Fino al 1937, le sfilate si svolgevano sul percorso della "chiancata", anello stradale del centro storico; dall'anno successivo furono trasferite sull'ampio Corso Umberto I e sull'Estramurale per la presenza di un pubblico sempre più numeroso e per la creazione di carri sempre più grandi. Perciò dal 1938 è stato necessario usare camion che procedevano a retromarcia lungo il percorso di 1500 metri; sostituiti, poi, da idonei rimorchi percui è stato possibile realizzare mastodontici carri allegorici (altezza 12 m, lunghezza 10 m, larghezza 8 m) che allietano le quattro sfilate insieme ai numerosissimi gruppi mascherati ed alle decine di mordaci maschere di carattere.
I GIOVEDI'
Durante il periodo compreso tra le Propaggini e l'ultimo Corso Mascherato, il Carnevale si snoda attraverso i festeggiamenti dei vari "Giovedì". Il loro numero è soggetto a variazione secondo la data in cui cade la Pasqua, ed in genere non sono mai più di sette.

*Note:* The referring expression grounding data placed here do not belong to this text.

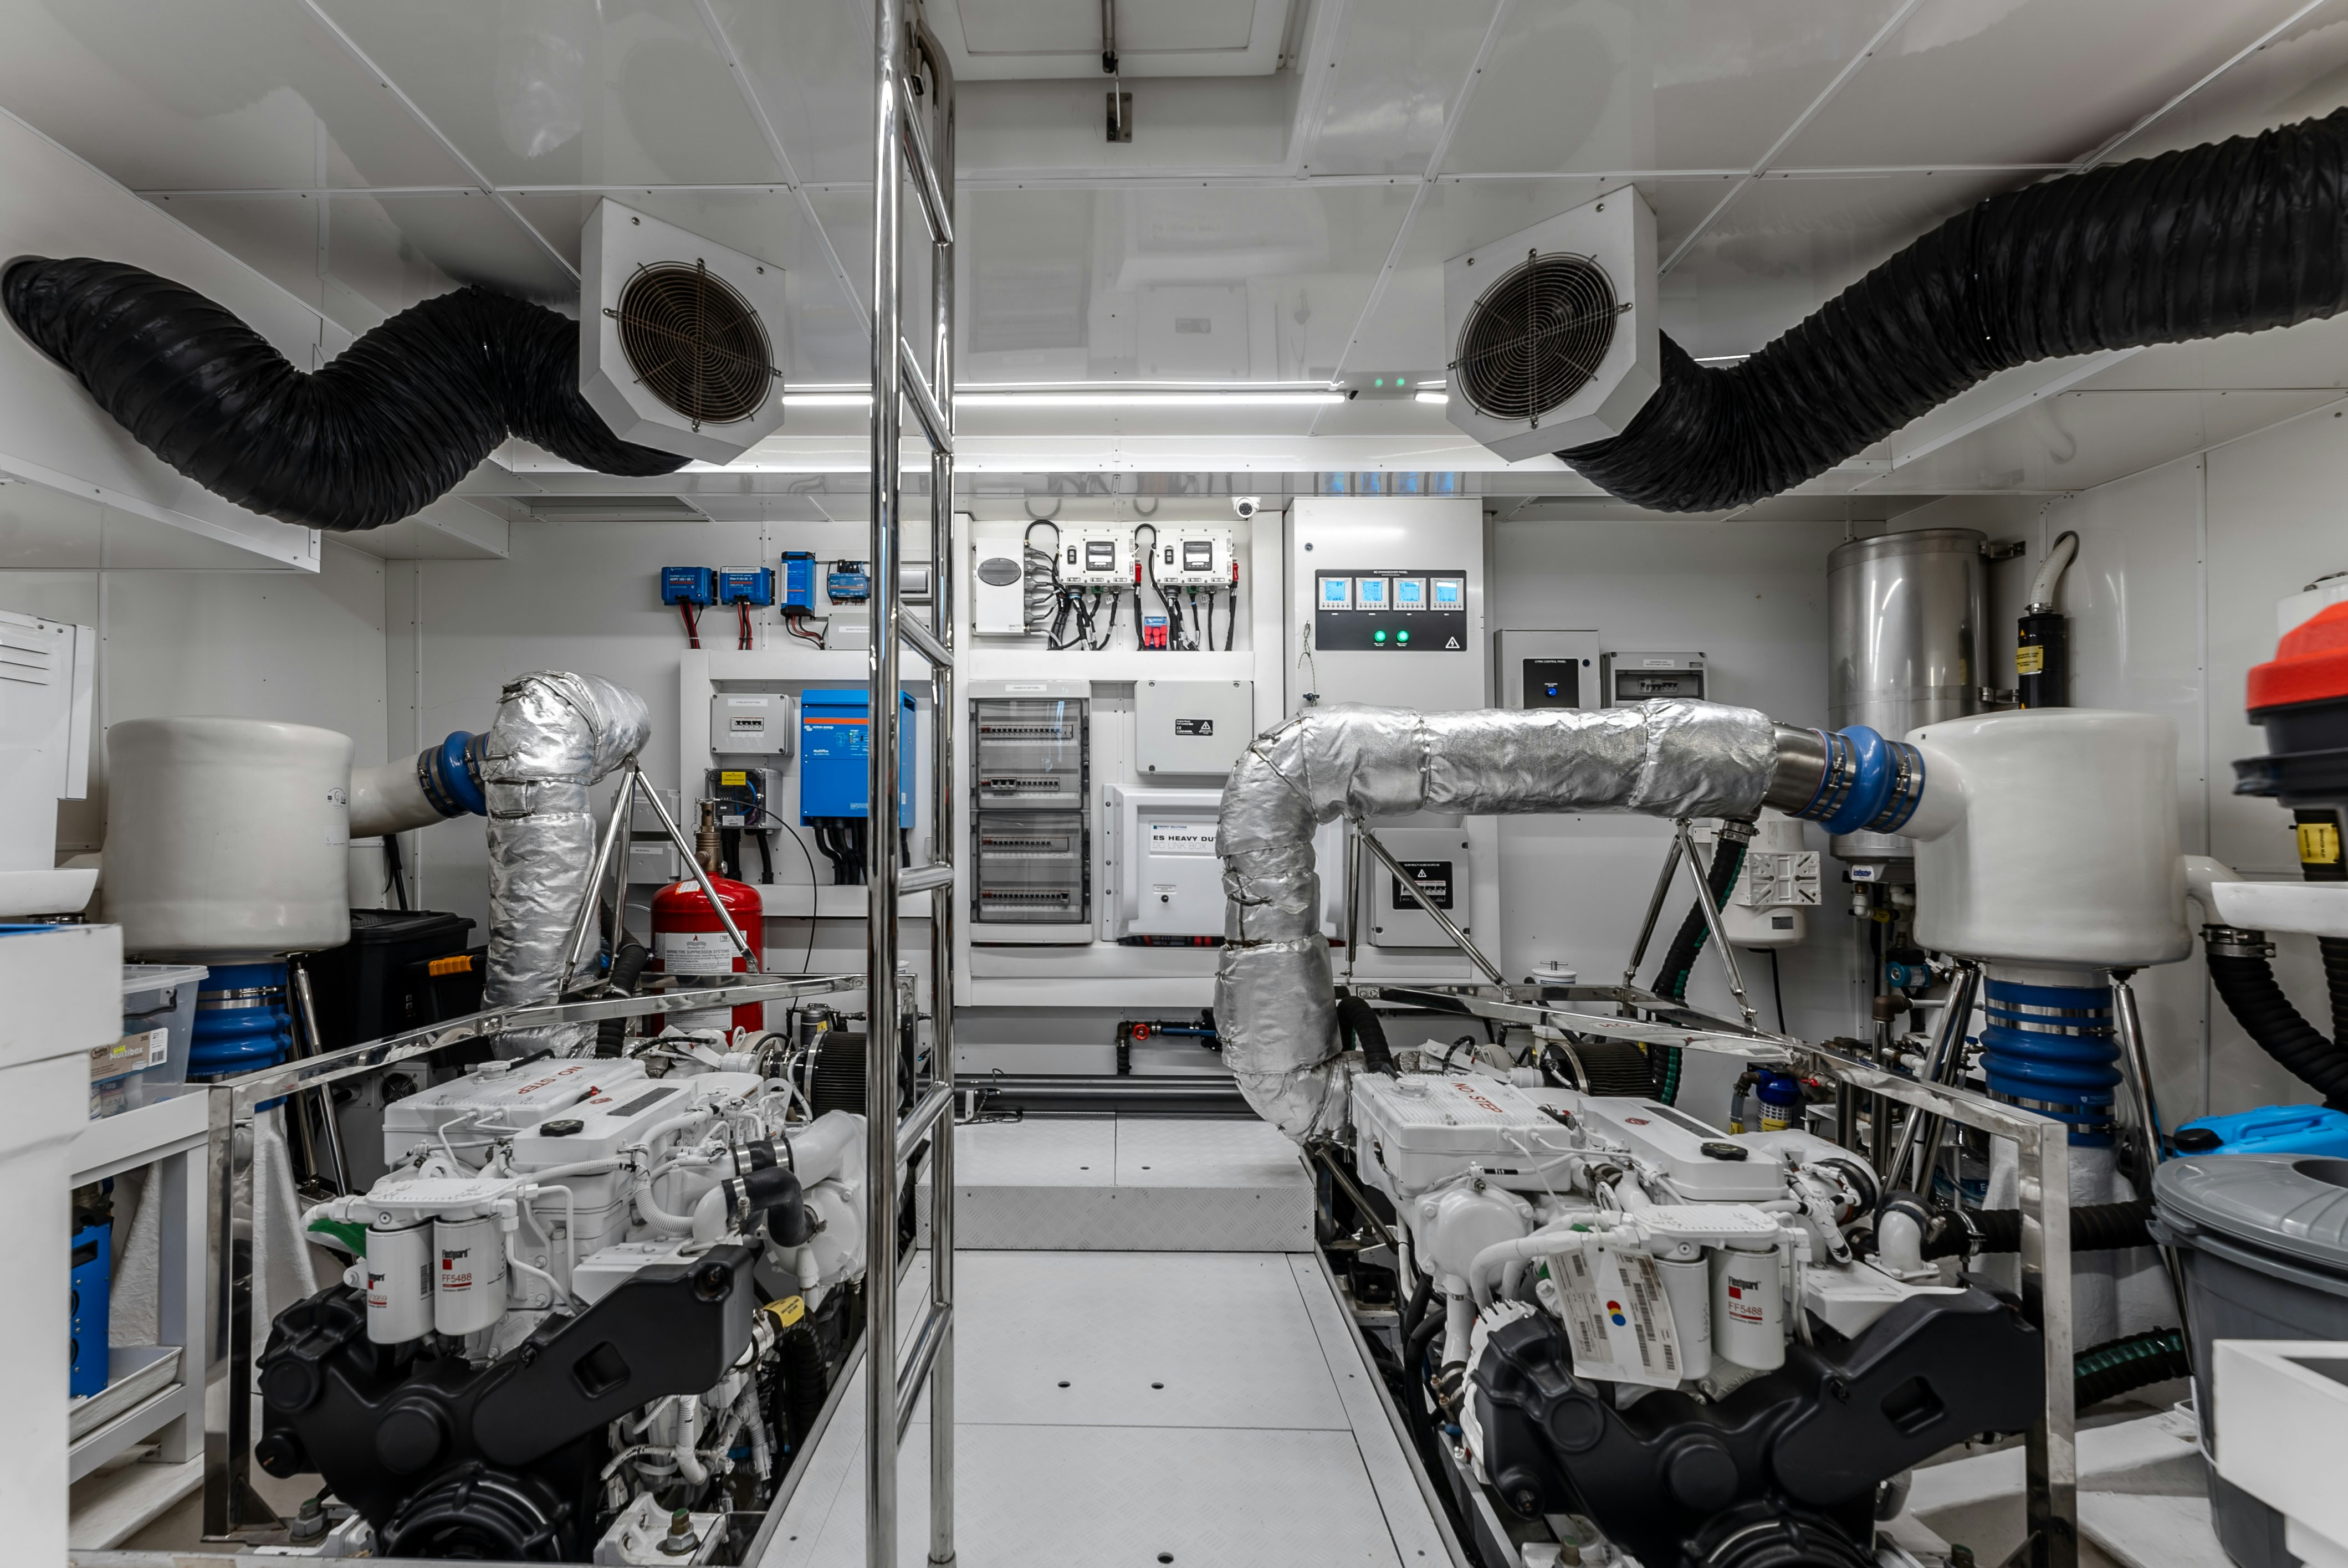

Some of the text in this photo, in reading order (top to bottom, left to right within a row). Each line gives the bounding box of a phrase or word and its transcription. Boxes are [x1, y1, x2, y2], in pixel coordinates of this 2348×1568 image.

[109, 1047, 144, 1060] Multibox
[518, 1066, 584, 1094] NO STEP
[1451, 1083, 1503, 1113] NO STEP
[442, 1273, 472, 1283] FF5488
[1728, 1275, 1758, 1290] Fleetguard
[1728, 1301, 1763, 1316] FF5488
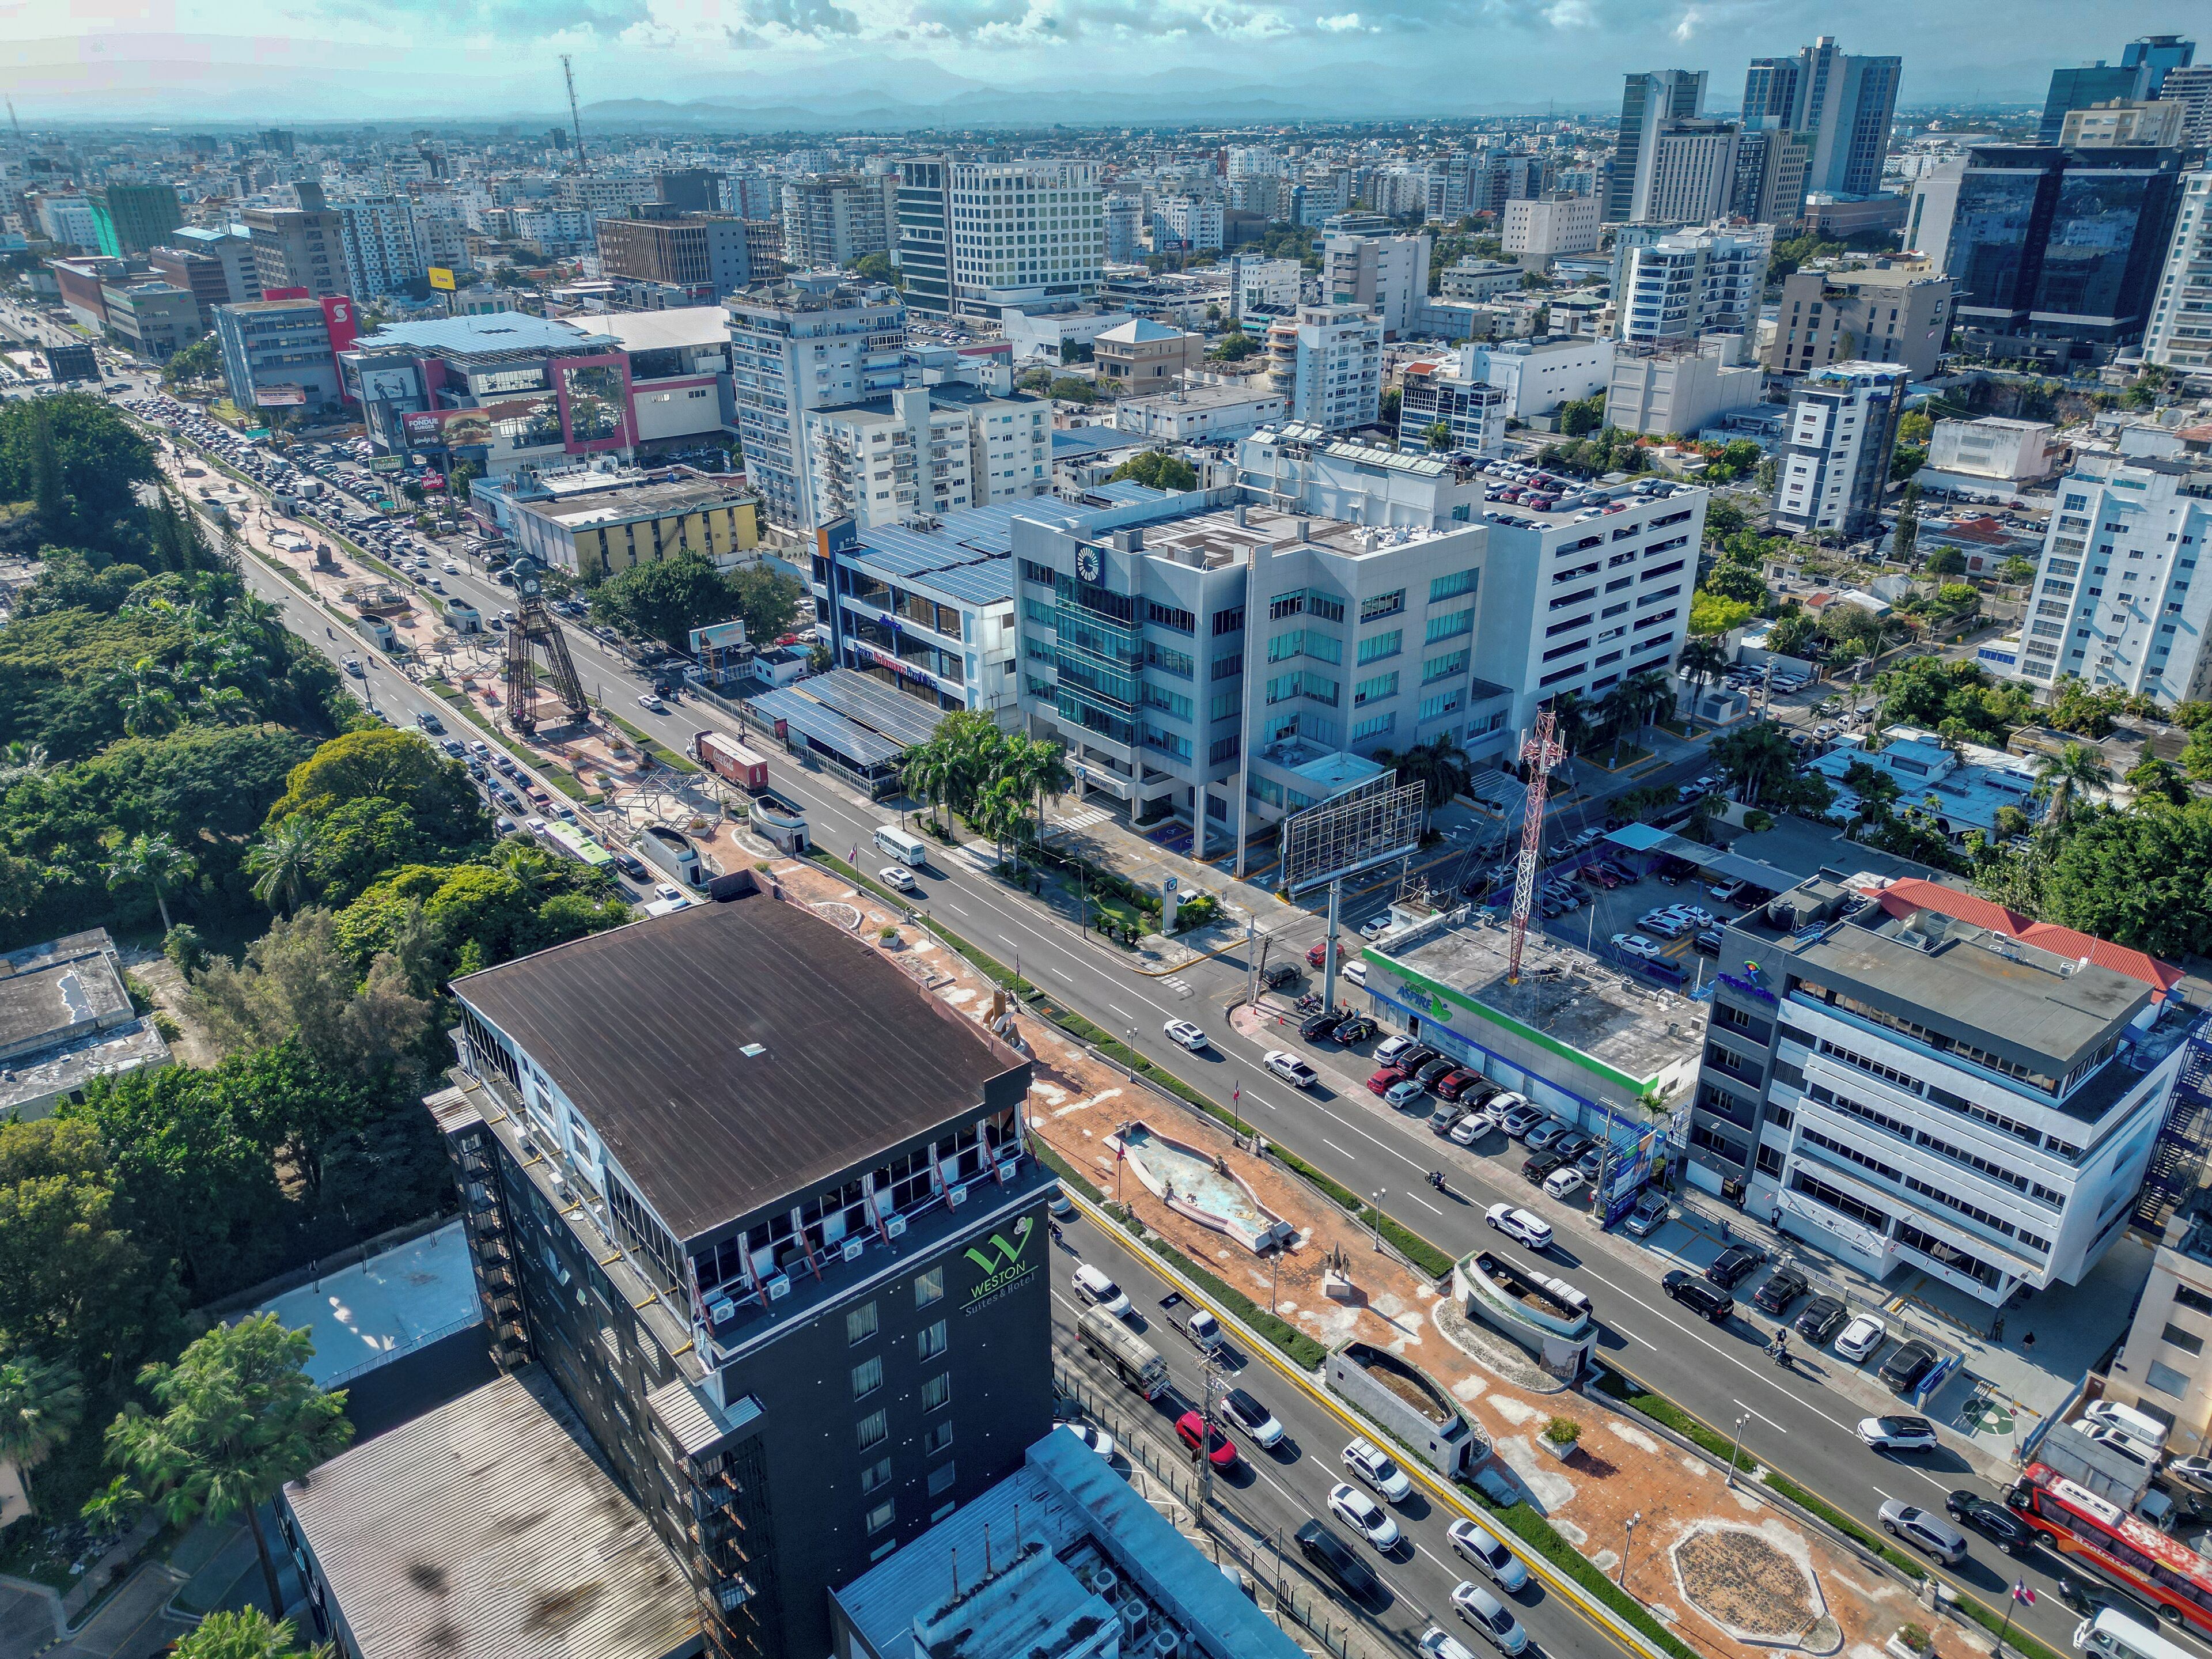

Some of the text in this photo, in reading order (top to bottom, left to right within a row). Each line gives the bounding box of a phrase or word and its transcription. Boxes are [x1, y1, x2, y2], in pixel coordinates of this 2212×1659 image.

Fino ad alcuni decenni fa, per gli abitanti di Putignano, i giovedì erano occasione di divertimento sia attraverso scherzi di ogni genere, sia con le feste organizzate in piccoli locali detti "iósere" dove era possibile ballare e divertirsi. La tradizione voleva che il cavaliere alla fine di ogni ballo offrisse una caramella o un cioccolatino alla dama mascherata con cui aveva danzato.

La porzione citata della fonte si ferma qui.